5. Set up the cache directories

Export the cache paths before building so that downloads and shared-state objects are stored outside the build tree and survive cleansstate or directory removal:

export KAS_CONTAINER_ENGINE=docker   # or: podman
export DL_DIR=$HOME/moonforge-workspace/cache/downloads
export SSTATE_DIR=$HOME/moonforge-workspace/cache/sstate-cache

Add these exports to your shell profile if you want them to persist across sessions.

6. Build the image

kas-container build kas/myproduct-image-qemux86-64.yml

The first build downloads all sources and populates the shared-state cache. Expect it to take 1–3 hours depending on your hardware.
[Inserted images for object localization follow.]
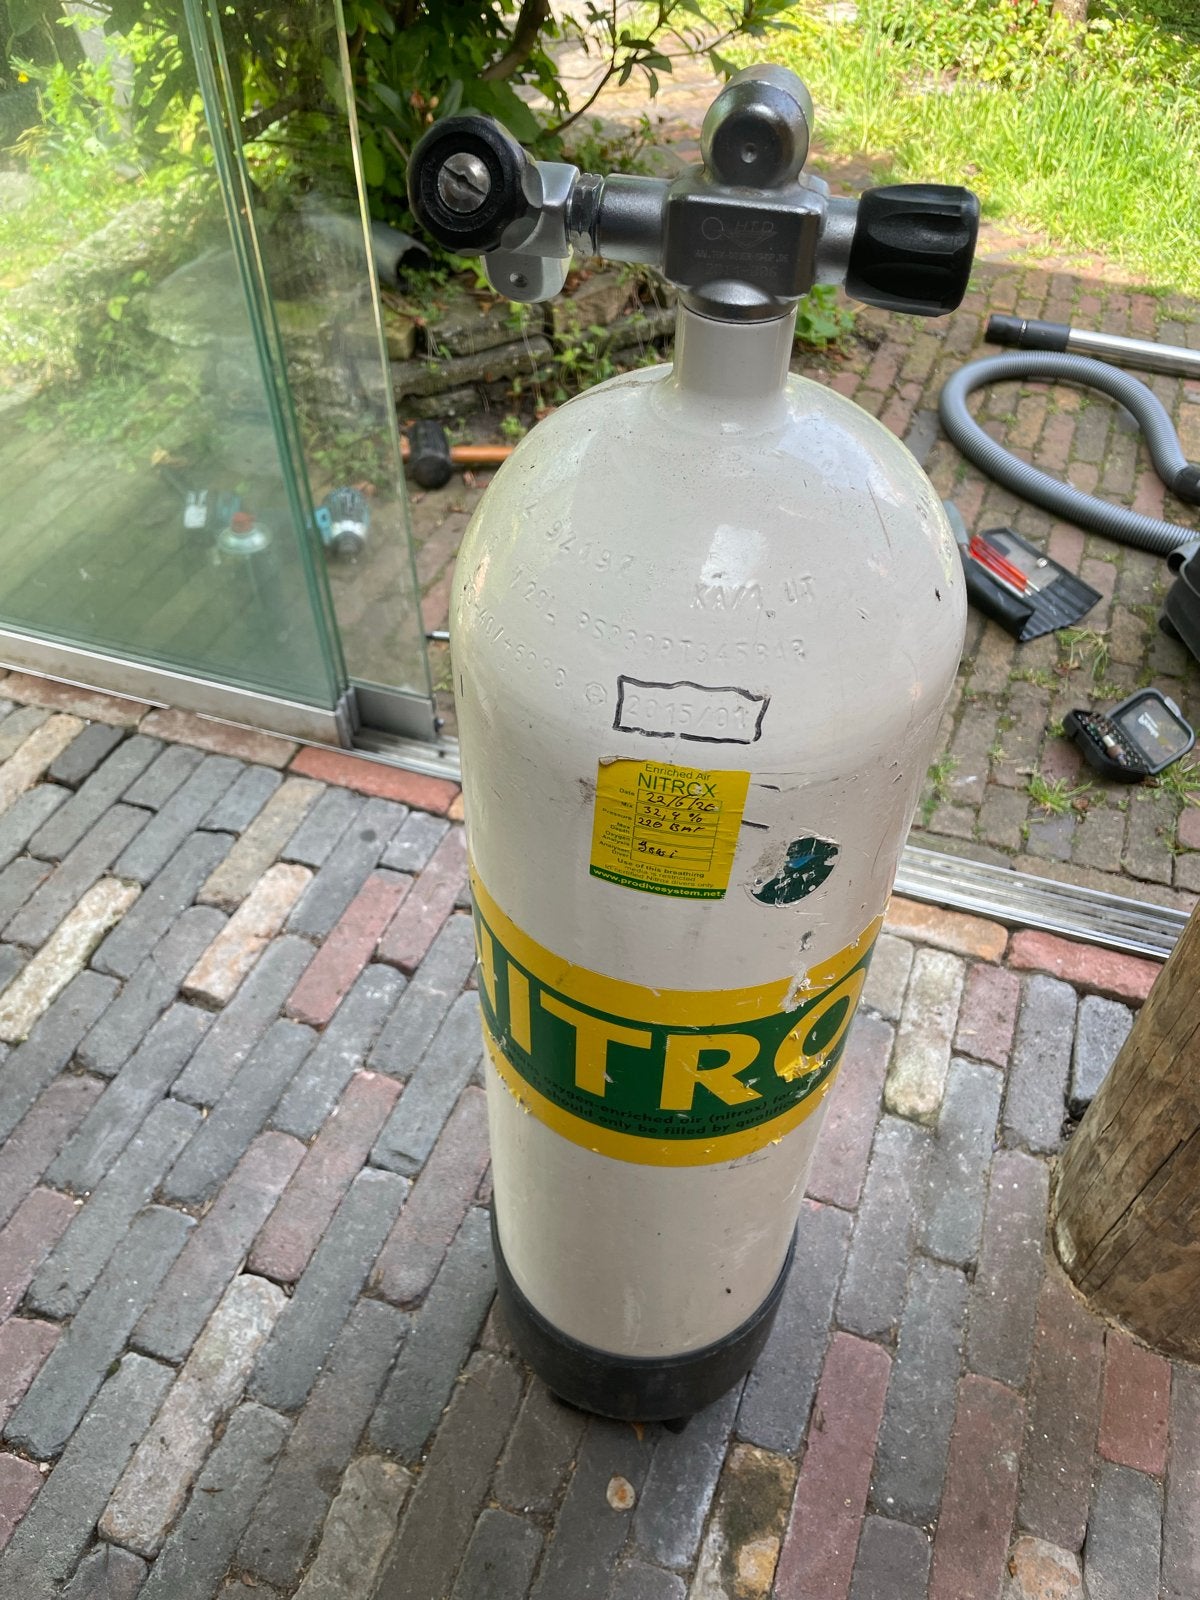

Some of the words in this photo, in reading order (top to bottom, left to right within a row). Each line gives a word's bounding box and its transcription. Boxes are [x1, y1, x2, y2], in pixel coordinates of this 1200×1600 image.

[646, 763, 693, 778] Enriched
[617, 858, 632, 866] Use
[646, 865, 661, 873] this
[664, 868, 704, 878] breathing
[593, 868, 721, 898] www.prodivesystem.net
[680, 1115, 703, 1124] air
[708, 1102, 767, 1123] (nitrox)
[598, 1115, 632, 1130] only
[638, 1124, 658, 1134] be
[664, 1126, 706, 1135] filled
[711, 1124, 730, 1133] by
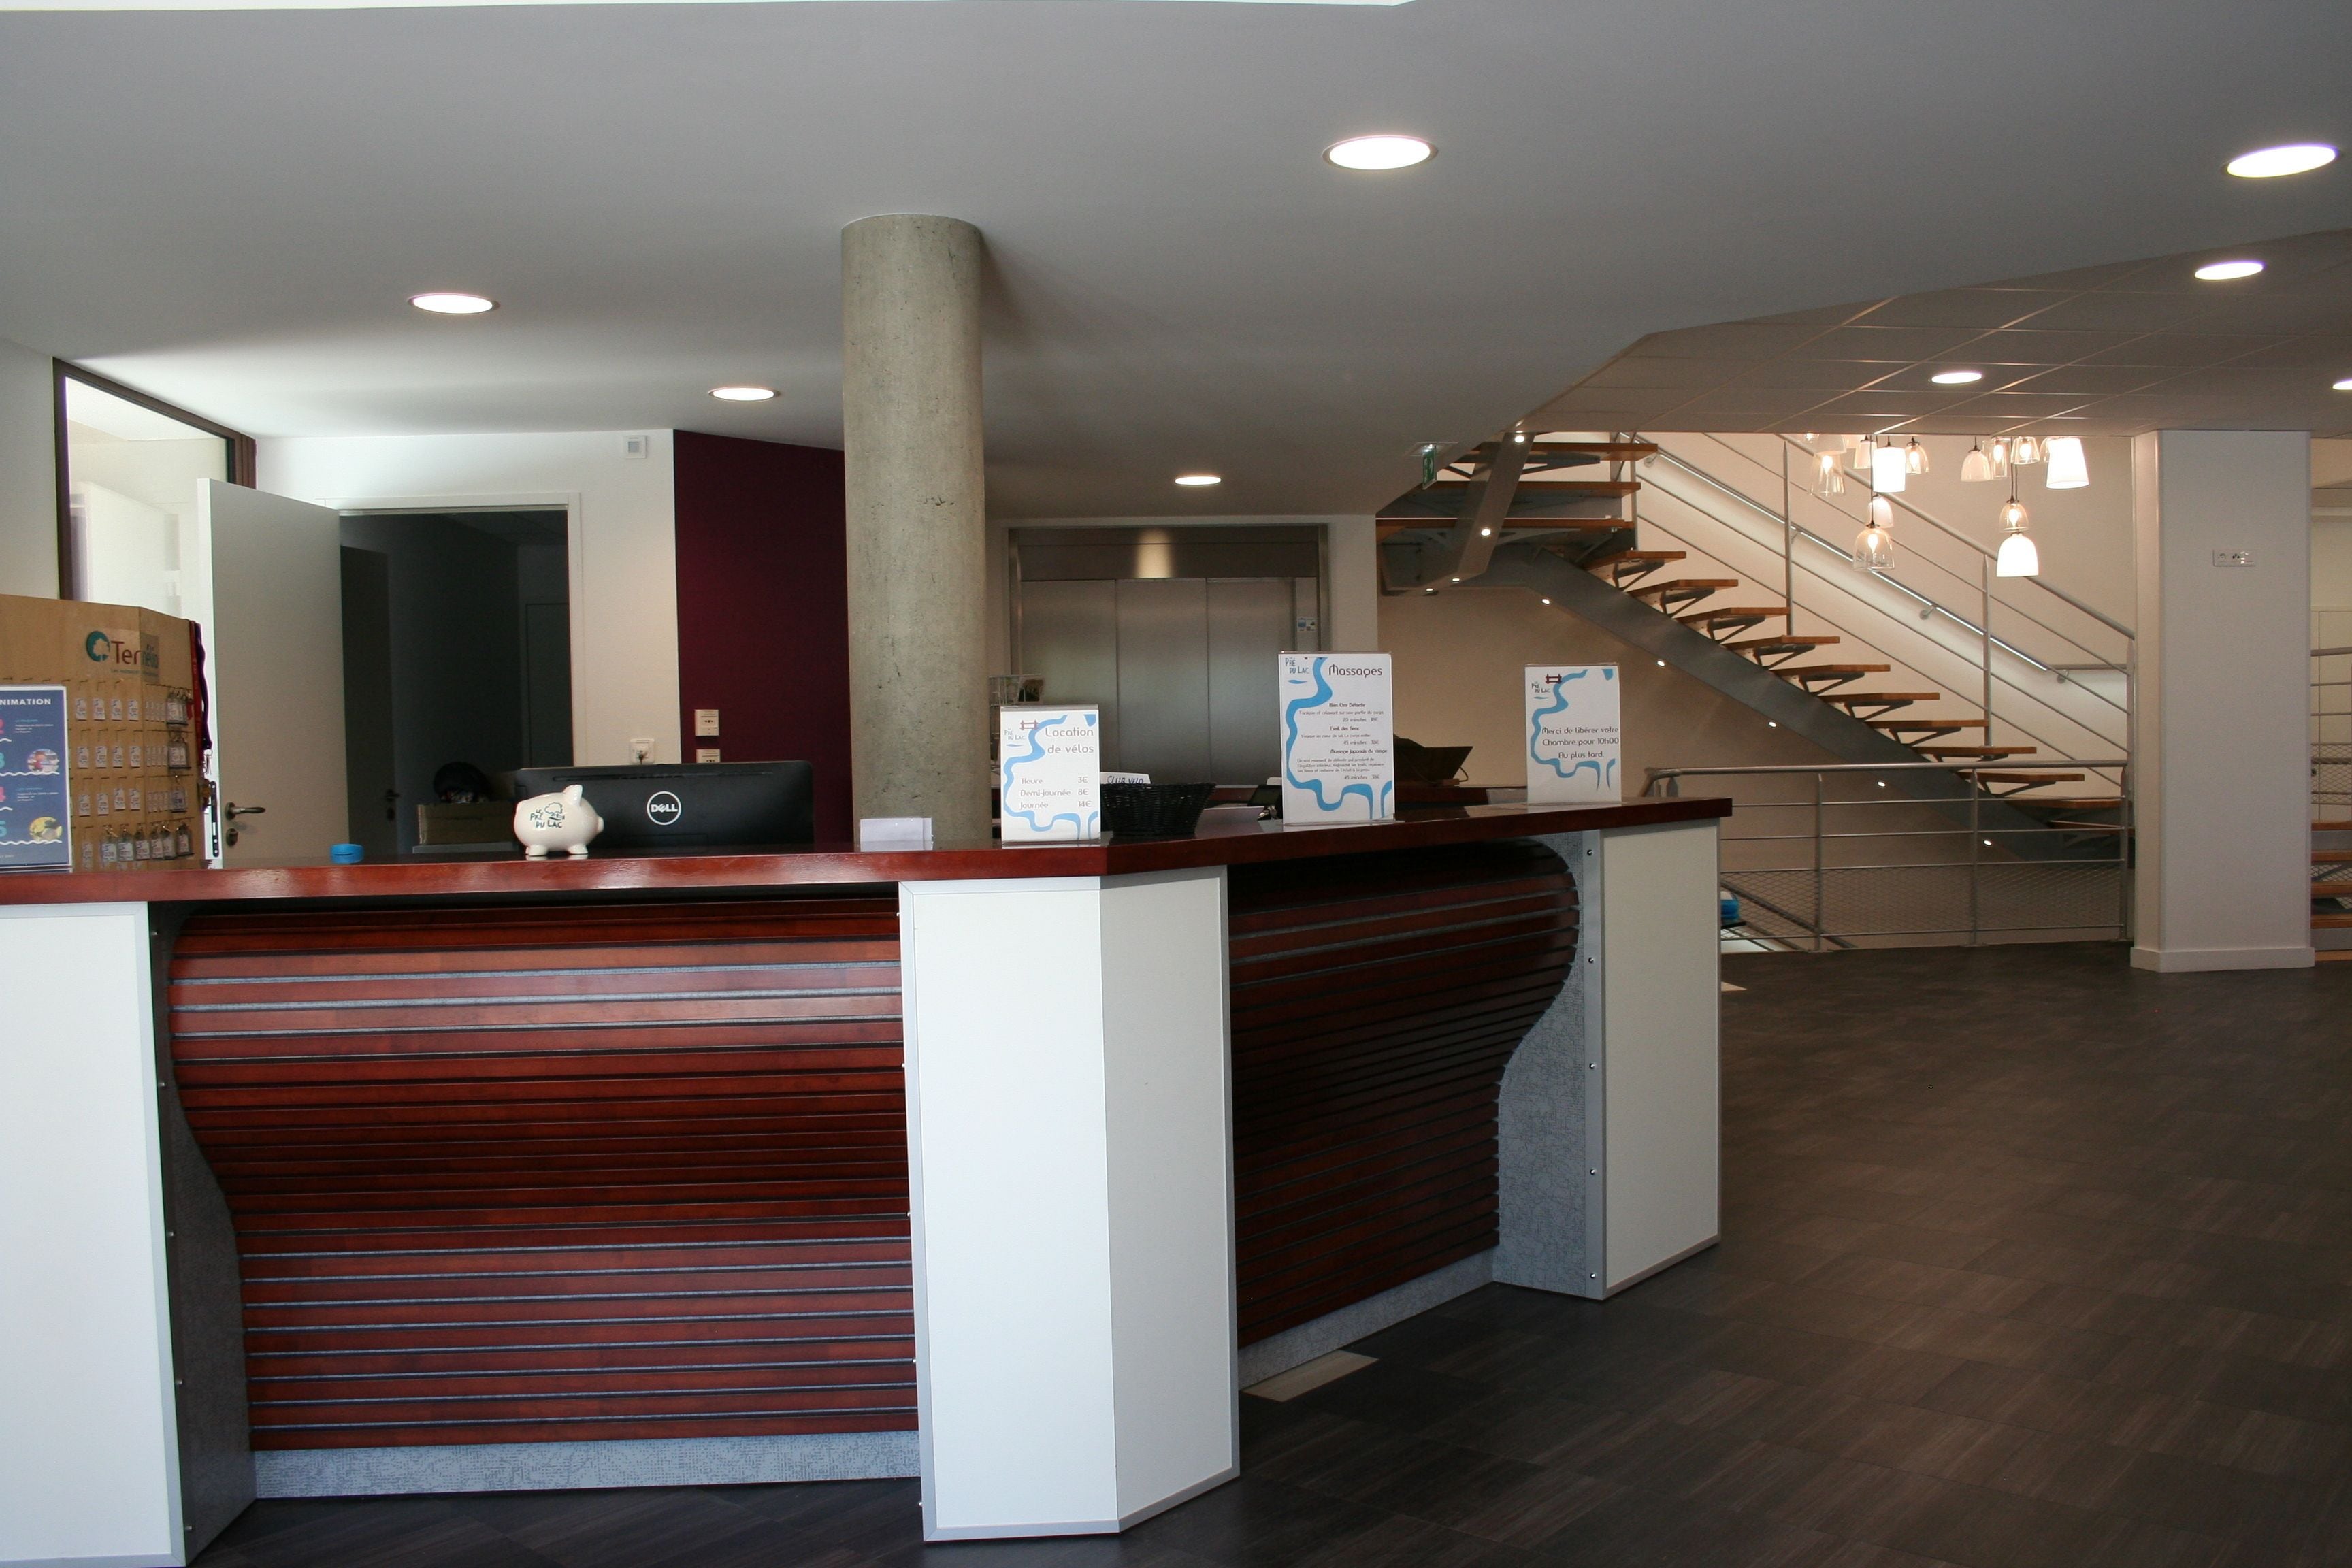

Subsequent builds of the same configuration typically complete in 5–15 minutes thanks to the cache.

7. Boot the image in QEMU

Decompress the disk image and launch it:

bzip2 -dk build/tmp/deploy/images/qemux86-64/moonforge-image-base-qemux86-64.rootfs.wic.bz2

kas-container --runtime-args "--device=/dev/kvm" \
  shell kas/myproduct-image-qemux86-64.yml -- \
  runqemu snapshot kvm nographic slirp ovmf qemux86-64 \
  tmp/deploy/images/qemux86-64/moonforge-image-base-qemux86-64.rootfs.wic

Log in as root (no password on debug builds). Explore the running system:

$ mount | grep ' / '        # confirm read-only rootfs
$ cat /etc/os-release       # confirm distribution identity
$ df -h /data               # confirm persistent data partition is mounted

Press Ctrl-A X to exit the QEMU serial console.